It seems manifest that a case for the recovery of damages for permanent injury by pollution to restricted land of a member of the Five Civilized Tribes involves a diminution of estate in the land a lessening of the estate in the restricted res. It involves an alienation pro tanto of the estate in the restricted land. And that is such an interest as to bring the case *393 fairly within the broad scope of section 3, and to make it subject to removal under the statute.

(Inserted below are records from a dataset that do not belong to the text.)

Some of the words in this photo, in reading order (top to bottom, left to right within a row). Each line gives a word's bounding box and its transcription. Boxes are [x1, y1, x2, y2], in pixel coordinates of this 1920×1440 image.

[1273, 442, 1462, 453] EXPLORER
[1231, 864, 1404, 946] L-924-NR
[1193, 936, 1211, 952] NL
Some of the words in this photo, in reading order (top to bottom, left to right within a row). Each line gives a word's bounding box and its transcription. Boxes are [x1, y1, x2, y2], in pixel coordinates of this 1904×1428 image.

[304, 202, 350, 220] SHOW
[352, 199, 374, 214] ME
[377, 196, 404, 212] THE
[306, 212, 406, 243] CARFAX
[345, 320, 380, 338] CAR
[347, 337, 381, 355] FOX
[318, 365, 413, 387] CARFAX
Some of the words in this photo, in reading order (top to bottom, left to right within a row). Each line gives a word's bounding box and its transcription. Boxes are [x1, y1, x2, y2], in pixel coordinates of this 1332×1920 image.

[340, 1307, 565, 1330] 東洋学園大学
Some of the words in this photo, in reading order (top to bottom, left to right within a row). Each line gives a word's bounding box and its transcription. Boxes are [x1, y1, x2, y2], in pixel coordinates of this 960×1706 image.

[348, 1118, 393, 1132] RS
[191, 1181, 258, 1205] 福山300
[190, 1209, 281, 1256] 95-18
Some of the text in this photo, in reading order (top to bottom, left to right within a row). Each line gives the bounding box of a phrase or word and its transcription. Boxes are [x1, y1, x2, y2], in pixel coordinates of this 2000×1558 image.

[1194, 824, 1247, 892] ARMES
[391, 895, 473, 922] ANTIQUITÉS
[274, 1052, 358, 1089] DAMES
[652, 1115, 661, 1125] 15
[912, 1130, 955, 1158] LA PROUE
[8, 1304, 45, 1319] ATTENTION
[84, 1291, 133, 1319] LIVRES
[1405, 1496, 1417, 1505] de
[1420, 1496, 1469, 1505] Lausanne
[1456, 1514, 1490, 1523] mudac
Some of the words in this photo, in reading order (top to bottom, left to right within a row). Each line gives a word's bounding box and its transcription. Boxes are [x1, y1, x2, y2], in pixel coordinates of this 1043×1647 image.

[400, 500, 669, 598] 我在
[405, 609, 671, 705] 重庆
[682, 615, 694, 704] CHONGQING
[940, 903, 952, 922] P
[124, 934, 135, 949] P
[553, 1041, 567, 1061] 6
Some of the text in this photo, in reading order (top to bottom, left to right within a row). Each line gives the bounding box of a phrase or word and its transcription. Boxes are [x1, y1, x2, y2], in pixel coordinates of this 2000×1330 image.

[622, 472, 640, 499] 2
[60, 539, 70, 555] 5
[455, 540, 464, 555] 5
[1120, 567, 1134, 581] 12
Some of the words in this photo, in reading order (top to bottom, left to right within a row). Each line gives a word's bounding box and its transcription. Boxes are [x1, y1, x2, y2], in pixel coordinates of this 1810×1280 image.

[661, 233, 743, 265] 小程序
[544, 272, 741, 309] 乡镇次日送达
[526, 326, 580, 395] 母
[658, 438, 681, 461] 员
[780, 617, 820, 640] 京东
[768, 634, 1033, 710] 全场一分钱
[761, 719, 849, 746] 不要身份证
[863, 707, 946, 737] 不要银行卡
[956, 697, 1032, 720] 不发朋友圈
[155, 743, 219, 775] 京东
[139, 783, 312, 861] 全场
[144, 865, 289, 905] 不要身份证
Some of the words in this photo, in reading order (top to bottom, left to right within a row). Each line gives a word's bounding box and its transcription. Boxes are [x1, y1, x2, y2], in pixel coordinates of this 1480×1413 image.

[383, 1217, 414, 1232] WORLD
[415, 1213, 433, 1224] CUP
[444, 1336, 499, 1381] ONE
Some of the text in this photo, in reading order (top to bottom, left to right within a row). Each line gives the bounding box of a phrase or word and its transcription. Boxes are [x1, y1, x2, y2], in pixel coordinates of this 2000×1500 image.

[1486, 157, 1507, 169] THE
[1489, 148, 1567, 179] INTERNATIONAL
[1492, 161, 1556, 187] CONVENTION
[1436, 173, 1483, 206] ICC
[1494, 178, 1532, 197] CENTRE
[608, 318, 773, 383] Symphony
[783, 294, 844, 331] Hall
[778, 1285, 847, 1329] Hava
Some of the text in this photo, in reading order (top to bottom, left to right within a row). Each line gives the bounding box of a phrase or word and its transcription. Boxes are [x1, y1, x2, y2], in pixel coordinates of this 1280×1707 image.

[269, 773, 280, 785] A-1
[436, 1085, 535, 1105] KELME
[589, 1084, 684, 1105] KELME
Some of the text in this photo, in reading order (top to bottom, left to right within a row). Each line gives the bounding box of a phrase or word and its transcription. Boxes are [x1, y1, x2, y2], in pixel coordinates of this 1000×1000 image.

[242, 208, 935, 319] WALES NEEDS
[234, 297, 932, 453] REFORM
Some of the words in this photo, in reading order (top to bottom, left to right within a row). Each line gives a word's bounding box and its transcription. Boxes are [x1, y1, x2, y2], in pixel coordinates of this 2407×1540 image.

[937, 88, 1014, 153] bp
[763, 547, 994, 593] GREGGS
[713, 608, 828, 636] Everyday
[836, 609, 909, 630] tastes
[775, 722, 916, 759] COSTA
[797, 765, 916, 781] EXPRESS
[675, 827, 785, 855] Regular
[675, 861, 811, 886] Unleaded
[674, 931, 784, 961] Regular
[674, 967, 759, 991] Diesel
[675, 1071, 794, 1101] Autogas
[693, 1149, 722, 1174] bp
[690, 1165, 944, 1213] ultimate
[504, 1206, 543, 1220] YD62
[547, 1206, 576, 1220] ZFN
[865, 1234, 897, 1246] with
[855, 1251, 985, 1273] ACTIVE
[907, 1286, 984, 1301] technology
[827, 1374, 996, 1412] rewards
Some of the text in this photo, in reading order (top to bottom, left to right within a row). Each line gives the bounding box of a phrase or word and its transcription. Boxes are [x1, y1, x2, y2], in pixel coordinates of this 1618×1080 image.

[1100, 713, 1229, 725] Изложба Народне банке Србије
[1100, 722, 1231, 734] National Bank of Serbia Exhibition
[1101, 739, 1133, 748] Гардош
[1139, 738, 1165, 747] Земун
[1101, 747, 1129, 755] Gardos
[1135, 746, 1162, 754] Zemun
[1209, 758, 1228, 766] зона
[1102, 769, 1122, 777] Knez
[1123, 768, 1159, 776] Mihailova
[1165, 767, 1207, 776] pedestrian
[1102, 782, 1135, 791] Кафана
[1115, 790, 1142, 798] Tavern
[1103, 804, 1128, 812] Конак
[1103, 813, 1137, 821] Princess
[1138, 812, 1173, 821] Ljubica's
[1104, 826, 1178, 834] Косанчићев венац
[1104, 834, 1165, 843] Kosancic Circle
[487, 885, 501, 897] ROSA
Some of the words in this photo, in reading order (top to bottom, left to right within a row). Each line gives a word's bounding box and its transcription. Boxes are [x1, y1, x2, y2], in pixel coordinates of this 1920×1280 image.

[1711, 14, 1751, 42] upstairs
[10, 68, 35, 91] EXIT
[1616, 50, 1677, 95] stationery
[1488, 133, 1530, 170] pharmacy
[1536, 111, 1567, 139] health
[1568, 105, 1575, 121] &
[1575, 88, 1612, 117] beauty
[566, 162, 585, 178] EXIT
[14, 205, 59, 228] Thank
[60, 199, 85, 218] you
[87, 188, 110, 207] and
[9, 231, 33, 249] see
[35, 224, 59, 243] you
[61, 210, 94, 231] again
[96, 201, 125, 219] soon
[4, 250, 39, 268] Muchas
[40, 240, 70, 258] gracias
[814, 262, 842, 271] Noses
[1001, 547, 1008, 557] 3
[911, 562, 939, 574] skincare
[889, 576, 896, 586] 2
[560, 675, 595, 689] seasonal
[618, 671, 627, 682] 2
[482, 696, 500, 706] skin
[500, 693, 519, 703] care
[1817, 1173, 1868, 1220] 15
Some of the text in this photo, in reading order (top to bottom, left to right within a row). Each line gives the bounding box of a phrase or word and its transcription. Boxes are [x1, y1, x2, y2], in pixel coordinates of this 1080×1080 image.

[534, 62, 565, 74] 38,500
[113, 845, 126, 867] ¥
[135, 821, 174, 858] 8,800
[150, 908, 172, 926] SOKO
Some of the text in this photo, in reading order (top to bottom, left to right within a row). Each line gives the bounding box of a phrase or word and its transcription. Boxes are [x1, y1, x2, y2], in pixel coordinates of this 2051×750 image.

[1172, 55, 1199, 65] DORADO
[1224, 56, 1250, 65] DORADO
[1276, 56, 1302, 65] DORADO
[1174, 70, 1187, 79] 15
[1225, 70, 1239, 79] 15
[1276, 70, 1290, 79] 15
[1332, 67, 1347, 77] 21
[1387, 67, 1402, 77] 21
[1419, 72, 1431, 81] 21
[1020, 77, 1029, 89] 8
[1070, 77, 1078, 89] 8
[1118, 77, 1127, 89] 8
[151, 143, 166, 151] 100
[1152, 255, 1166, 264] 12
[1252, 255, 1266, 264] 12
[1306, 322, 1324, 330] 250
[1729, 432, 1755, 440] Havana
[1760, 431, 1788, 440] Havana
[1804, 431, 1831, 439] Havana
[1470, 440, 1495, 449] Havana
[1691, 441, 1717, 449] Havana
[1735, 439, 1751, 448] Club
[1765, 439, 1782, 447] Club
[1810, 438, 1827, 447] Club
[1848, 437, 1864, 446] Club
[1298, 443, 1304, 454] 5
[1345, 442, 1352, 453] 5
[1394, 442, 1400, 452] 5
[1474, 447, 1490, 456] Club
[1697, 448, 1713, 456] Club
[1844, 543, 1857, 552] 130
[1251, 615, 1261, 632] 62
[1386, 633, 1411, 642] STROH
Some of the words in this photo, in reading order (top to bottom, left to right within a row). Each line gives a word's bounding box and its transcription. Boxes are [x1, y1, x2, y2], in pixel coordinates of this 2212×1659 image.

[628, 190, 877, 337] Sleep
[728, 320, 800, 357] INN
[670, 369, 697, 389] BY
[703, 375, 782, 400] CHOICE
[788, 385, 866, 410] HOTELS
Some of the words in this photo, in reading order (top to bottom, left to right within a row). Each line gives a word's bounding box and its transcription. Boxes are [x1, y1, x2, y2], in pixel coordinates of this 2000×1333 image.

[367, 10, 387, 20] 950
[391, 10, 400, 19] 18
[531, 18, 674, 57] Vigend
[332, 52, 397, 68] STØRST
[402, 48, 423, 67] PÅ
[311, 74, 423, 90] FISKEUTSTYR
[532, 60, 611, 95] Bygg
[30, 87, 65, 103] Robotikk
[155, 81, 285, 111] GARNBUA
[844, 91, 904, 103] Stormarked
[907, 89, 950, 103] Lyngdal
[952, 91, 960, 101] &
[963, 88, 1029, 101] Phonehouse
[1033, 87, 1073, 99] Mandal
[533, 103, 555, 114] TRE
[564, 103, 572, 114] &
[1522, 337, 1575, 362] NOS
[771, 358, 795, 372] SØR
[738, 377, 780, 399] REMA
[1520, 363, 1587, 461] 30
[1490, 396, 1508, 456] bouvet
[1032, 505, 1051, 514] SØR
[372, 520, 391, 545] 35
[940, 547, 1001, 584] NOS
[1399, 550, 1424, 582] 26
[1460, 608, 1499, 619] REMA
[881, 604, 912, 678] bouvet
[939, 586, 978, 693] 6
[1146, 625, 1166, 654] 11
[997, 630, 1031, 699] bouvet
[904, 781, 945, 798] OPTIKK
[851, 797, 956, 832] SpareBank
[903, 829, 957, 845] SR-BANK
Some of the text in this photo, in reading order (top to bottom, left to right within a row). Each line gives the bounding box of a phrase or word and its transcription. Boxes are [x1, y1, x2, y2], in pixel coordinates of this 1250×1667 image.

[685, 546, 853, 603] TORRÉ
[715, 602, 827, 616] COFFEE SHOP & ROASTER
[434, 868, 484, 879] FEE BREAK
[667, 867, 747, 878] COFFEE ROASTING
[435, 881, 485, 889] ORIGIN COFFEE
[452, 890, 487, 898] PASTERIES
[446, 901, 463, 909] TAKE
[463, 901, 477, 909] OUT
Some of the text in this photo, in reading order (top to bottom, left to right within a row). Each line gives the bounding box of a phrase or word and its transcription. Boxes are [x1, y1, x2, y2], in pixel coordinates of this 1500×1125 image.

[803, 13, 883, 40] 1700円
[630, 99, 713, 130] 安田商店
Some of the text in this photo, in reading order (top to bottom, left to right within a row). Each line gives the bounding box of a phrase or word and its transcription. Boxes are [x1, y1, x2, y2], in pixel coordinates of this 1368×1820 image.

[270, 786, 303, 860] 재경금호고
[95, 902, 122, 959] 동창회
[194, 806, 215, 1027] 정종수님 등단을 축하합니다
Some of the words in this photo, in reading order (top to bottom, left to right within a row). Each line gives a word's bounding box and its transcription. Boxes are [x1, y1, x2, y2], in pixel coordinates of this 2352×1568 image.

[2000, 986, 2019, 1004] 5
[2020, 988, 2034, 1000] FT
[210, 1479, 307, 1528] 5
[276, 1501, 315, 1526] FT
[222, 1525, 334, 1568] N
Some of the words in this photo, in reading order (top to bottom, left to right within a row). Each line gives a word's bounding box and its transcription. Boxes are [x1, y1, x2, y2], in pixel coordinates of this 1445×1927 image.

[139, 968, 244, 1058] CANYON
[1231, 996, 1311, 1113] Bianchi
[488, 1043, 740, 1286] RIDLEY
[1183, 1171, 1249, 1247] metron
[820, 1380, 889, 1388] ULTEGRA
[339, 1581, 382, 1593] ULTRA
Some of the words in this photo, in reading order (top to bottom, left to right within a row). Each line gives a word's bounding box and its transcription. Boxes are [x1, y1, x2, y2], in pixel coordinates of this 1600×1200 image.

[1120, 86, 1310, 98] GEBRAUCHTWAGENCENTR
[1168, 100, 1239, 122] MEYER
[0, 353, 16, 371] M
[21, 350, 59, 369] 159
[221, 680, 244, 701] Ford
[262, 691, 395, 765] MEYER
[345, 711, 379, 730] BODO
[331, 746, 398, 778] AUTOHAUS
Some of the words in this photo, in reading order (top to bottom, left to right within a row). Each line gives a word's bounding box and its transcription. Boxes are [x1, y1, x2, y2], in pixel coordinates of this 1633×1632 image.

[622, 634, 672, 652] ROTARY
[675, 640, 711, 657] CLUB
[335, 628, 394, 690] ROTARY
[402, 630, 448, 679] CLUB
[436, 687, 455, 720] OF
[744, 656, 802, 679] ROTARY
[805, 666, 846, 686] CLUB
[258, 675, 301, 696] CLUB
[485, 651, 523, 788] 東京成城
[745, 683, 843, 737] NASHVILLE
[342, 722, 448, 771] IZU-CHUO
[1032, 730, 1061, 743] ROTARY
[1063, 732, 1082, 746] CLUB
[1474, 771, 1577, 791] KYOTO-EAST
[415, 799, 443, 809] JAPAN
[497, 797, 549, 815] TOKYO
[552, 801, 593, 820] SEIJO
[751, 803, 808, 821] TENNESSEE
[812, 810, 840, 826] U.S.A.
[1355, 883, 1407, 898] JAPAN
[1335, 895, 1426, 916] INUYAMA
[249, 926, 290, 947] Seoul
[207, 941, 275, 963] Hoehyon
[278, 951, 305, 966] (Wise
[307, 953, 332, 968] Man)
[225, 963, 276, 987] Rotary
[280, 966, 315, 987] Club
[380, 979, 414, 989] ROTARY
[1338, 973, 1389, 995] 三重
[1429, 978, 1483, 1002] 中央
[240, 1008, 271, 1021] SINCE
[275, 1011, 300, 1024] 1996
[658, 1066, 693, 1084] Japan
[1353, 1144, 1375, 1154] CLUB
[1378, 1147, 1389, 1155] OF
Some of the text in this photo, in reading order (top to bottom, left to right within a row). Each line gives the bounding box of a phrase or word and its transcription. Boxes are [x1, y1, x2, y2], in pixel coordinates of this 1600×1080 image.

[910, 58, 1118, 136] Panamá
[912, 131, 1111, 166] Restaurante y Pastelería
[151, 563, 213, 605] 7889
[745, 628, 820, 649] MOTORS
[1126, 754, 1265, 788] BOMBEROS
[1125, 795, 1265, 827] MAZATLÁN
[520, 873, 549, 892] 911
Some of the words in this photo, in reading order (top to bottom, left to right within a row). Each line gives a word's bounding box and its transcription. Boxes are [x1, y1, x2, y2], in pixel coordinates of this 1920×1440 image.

But both of the cases which were removed have been remanded to the state court. Prior to the enactment of the Judiciary Act of March 3, 1875, 18 Stat. 470, an appeal or writ of error did not lie to review an order of remand for the reason that such an order was not a final judgment or decree. Knickerbocker Ins. Co. v. Comstock, 16 Wall. 258, 21 L. Ed. 493; Chicago & A. R. Co. v. Wiswall, 23 Wall. 507, 23 L. Ed. 103. But section 5 of the Act of 1875, supra, expressly authorized review of such an order on writ of error or appeal, as the case might be. That provision continued in force only two years. Section 2 of the Act of March 3, 1887, 24 Stat. 552, provided that an order of remand should be immediately carried into execution, and that no appeal or writ of error should be allowed; and section 6 expressly repealed that part of section 5 of the Act of 1875, authorizing review. As corrected by the Act of August 13, 1888, 25 Stat. 433, and as amended by the Act of March 3, 1911, 36 Stat. 1087, 1094, the provision interdicting the review of an order of remand by appeal or writ of error is a part of section 28 of the Judicial Code, as amended, 28 U.S.C.A. ยง 71. While the textual language of the statute merely denies review by appeal or writ of error, and does not mention writs of mandamus, it is no longer open to doubt that an order remanding a case which was removed from a state court under the general removal statute cannot be re-examined in this court on appeal, by mandamus, or otherwise. Morey v. Lockhart, 123 U.S. 56, 8 S. Ct. 65, 31 L. Ed. 68; In re Pennsylvania Co., 137 U.S. 451, 11 S. Ct. 141, 34 L. Ed. 738; McLaughlin Bros. v. Hallowell, 228 U.S. 278, 33 S. Ct. 465, 57 L. Ed. 835; Yankaus v. Feltenstein, 244 U.S. 127, 37 S. Ct. 567, 61 L. Ed. 1036; In re Matthew Addy S. S. Co., 256 U.S. 417, 41 S. Ct. 508, 65 L. Ed. 1027; Employers Reinsurance Corporation v. Bryant, 299 U.S. 374, 57 S. Ct. 273, 81 L. Ed. 289; Travelers' Protective Ass'n v. Smith, 4 Cir., 71 F.2d 511; In re Satterley, 5 Cir., 102 F.2d 144, certiorari denied Jones v. Page, 308 U.S. 562, 60 S. Ct. 93, 84 L. Ed. 472.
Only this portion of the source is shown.